## Exercise prompt
Each line of data below must be printed exactly as written, with any pictures removed.
Exercise materials START
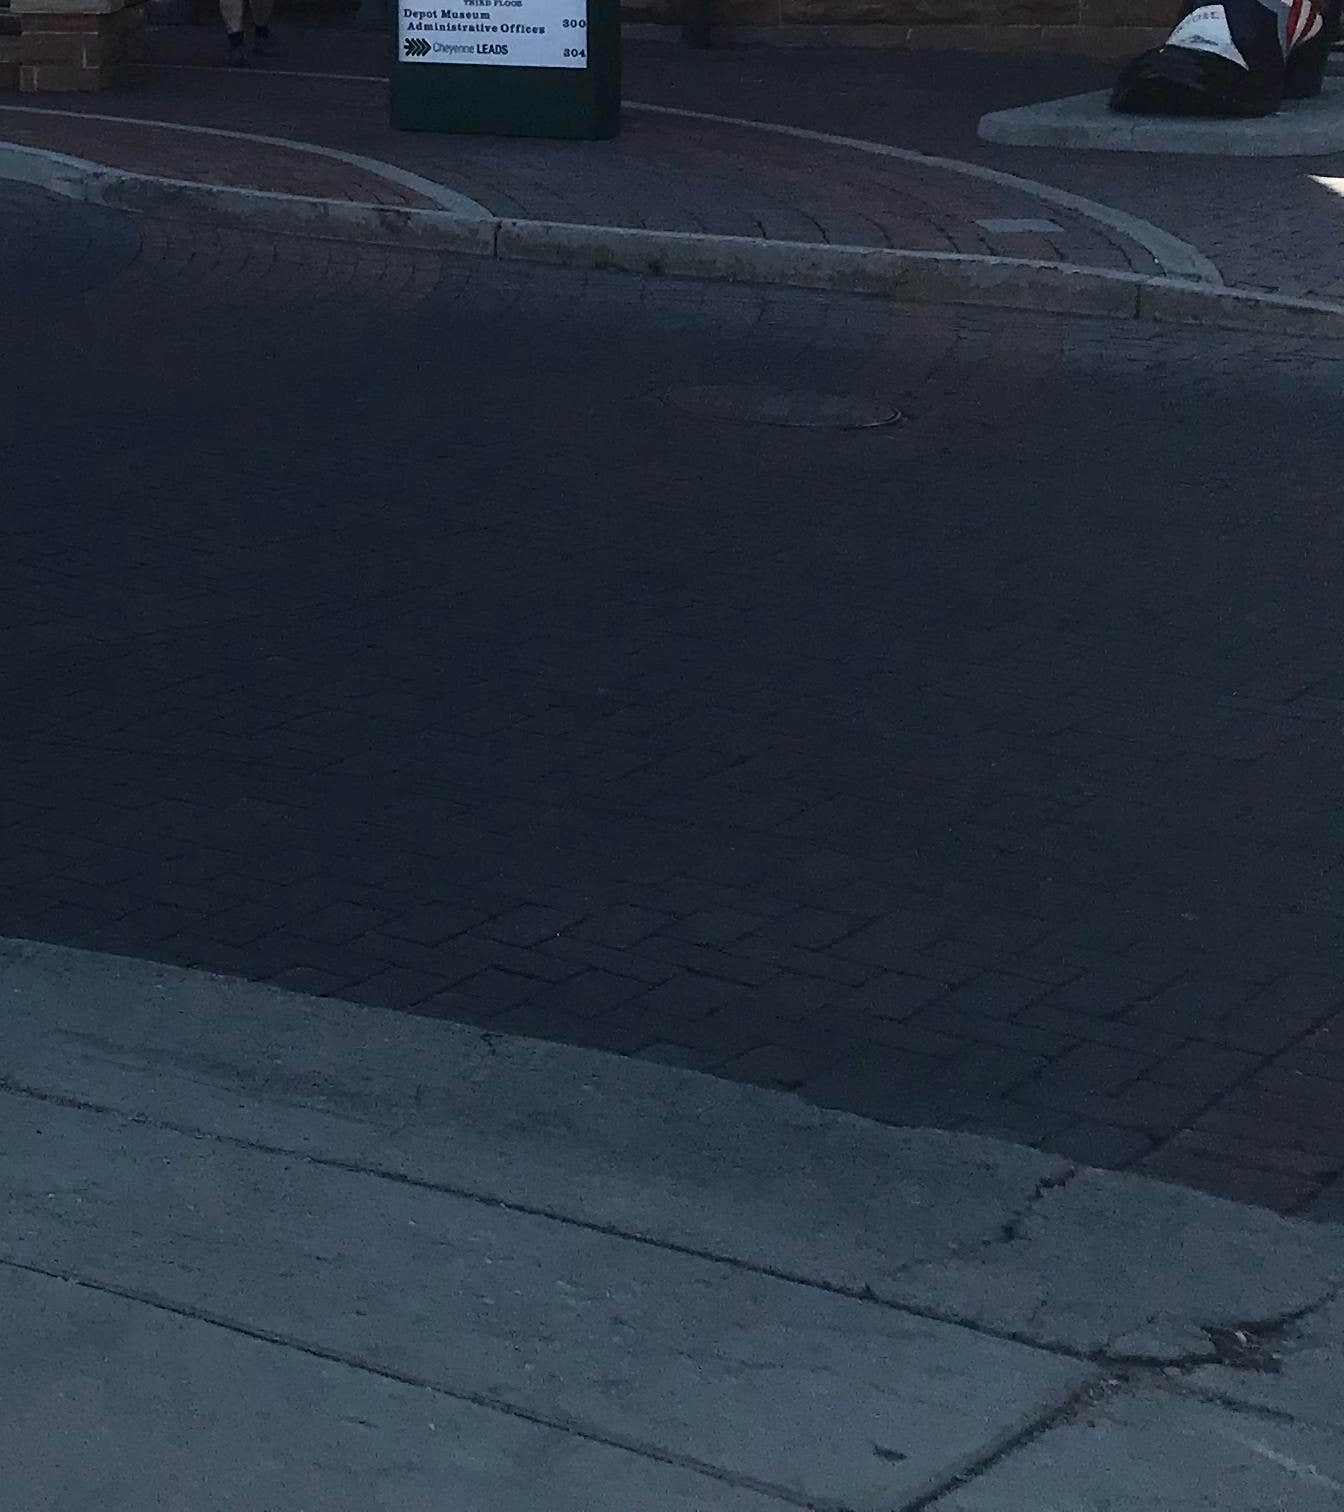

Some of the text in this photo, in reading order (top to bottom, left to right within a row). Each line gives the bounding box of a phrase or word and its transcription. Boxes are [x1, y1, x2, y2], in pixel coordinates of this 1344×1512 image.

[403, 9, 490, 20] Depot Museum
[407, 22, 546, 34] Administrative Offices
[562, 19, 586, 28] 300
[432, 43, 509, 55] Cheyenne LEADS
[563, 49, 586, 58] 304
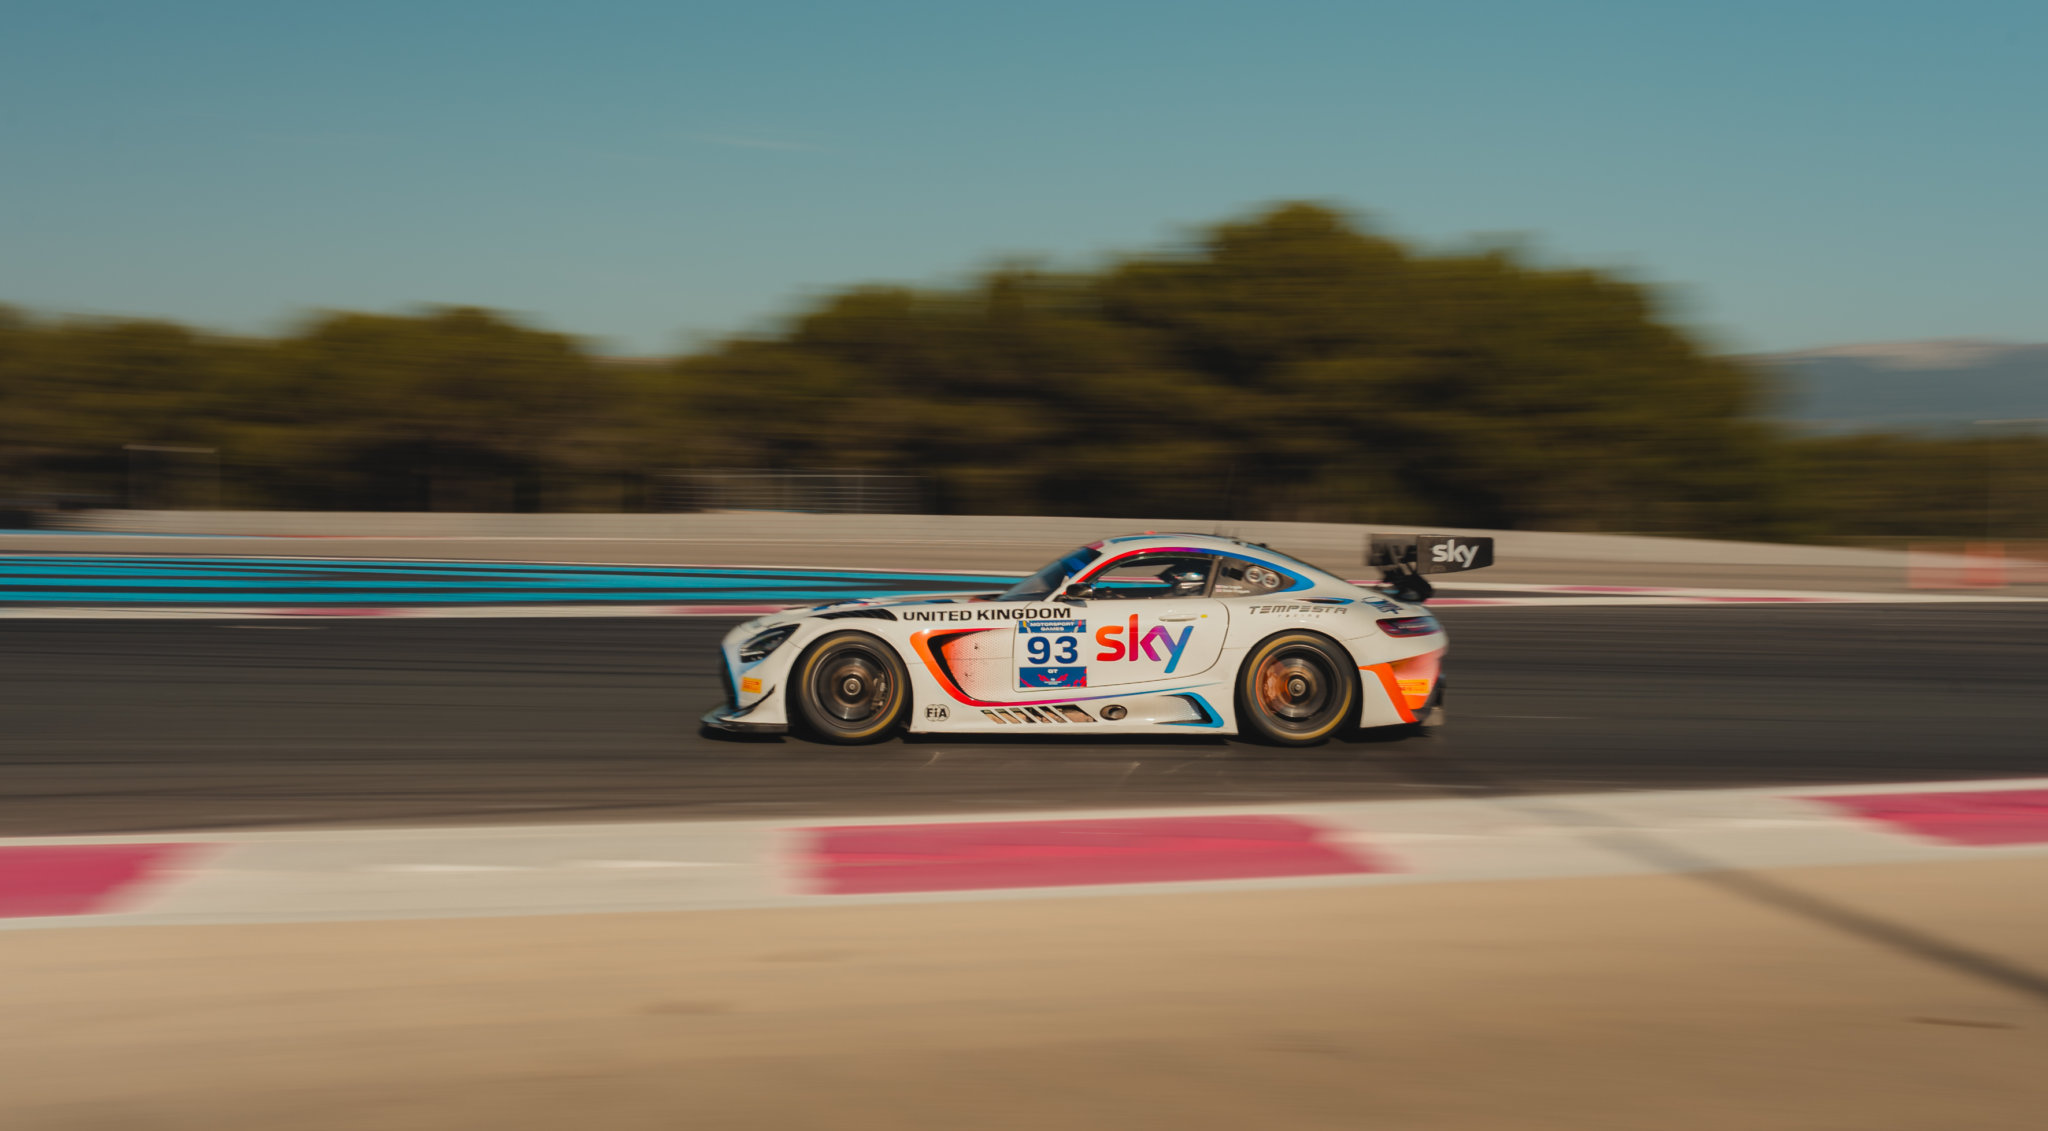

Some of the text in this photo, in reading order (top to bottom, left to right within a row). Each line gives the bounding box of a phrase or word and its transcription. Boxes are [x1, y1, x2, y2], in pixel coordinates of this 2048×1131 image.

[1431, 539, 1479, 568] sky
[903, 608, 1071, 621] UNITED KINGDOM
[1249, 605, 1348, 615] TEMPESTA
[1027, 635, 1078, 665] 93
[1095, 613, 1194, 674] sky
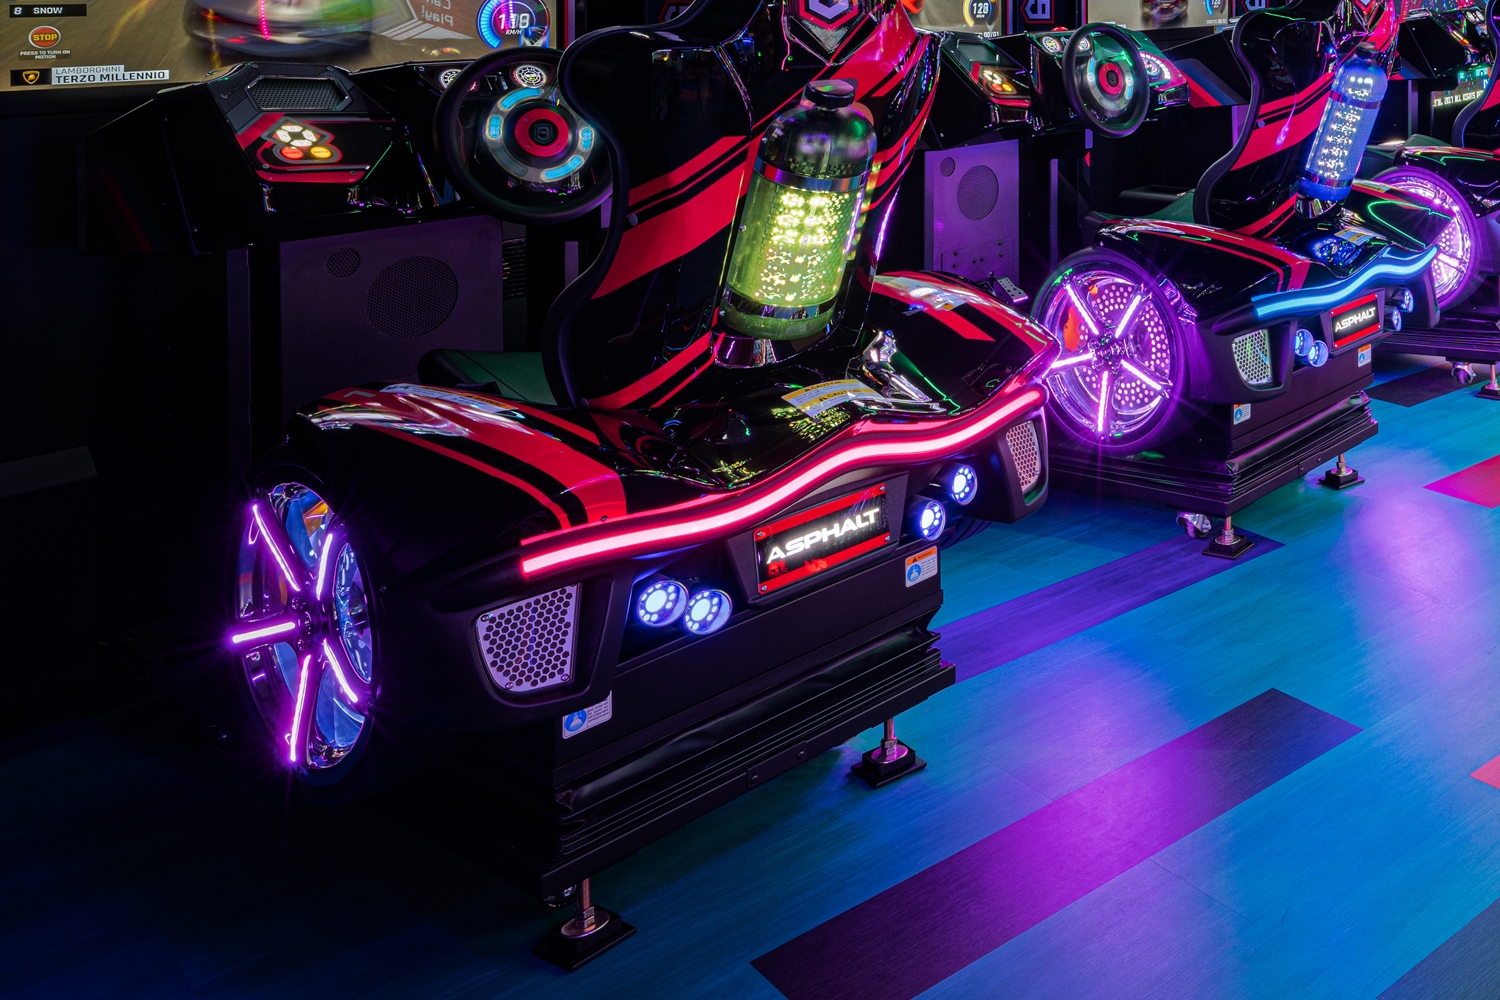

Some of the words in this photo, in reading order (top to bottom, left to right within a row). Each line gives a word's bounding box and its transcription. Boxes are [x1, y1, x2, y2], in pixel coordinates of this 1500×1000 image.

[14, 6, 22, 15] 8
[33, 6, 63, 15] SNOW
[1025, 0, 1051, 19] 9
[33, 33, 58, 42] STOP
[56, 66, 121, 75] LAMBORGHINI
[56, 74, 96, 84] TERZO
[100, 71, 166, 82] MILLENNIO
[1334, 306, 1376, 333] ASPHALT
[766, 507, 881, 564] ASPHALT
Exercise materials END
## Task answer
Some of the text in this photo, in reading order (top to bottom, left to right within a row). Each line gives the bounding box of a phrase or word and its transcription. Boxes are [x1, y1, x2, y2], in pixel coordinates of this 1344×1512 image.

[403, 9, 490, 20] Depot Museum
[407, 22, 546, 34] Administrative Offices
[562, 19, 586, 28] 300
[432, 43, 509, 55] Cheyenne LEADS
[563, 49, 586, 58] 304

Some of the text in this photo, in reading order (top to bottom, left to right within a row). Each line gives the bounding box of a phrase or word and its transcription. Boxes are [x1, y1, x2, y2], in pixel coordinates of this 2048×1131 image.

[1431, 539, 1479, 568] sky
[903, 608, 1071, 621] UNITED KINGDOM
[1249, 605, 1348, 615] TEMPESTA
[1027, 635, 1078, 665] 93
[1095, 613, 1194, 674] sky

Some of the words in this photo, in reading order (top to bottom, left to right within a row). Each line gives a word's bounding box and its transcription. Boxes are [x1, y1, x2, y2], in pixel coordinates of this 1500×1000 image.

[14, 6, 22, 15] 8
[33, 6, 63, 15] SNOW
[1025, 0, 1051, 19] 9
[33, 33, 58, 42] STOP
[56, 66, 121, 75] LAMBORGHINI
[56, 74, 96, 84] TERZO
[100, 71, 166, 82] MILLENNIO
[1334, 306, 1376, 333] ASPHALT
[766, 507, 881, 564] ASPHALT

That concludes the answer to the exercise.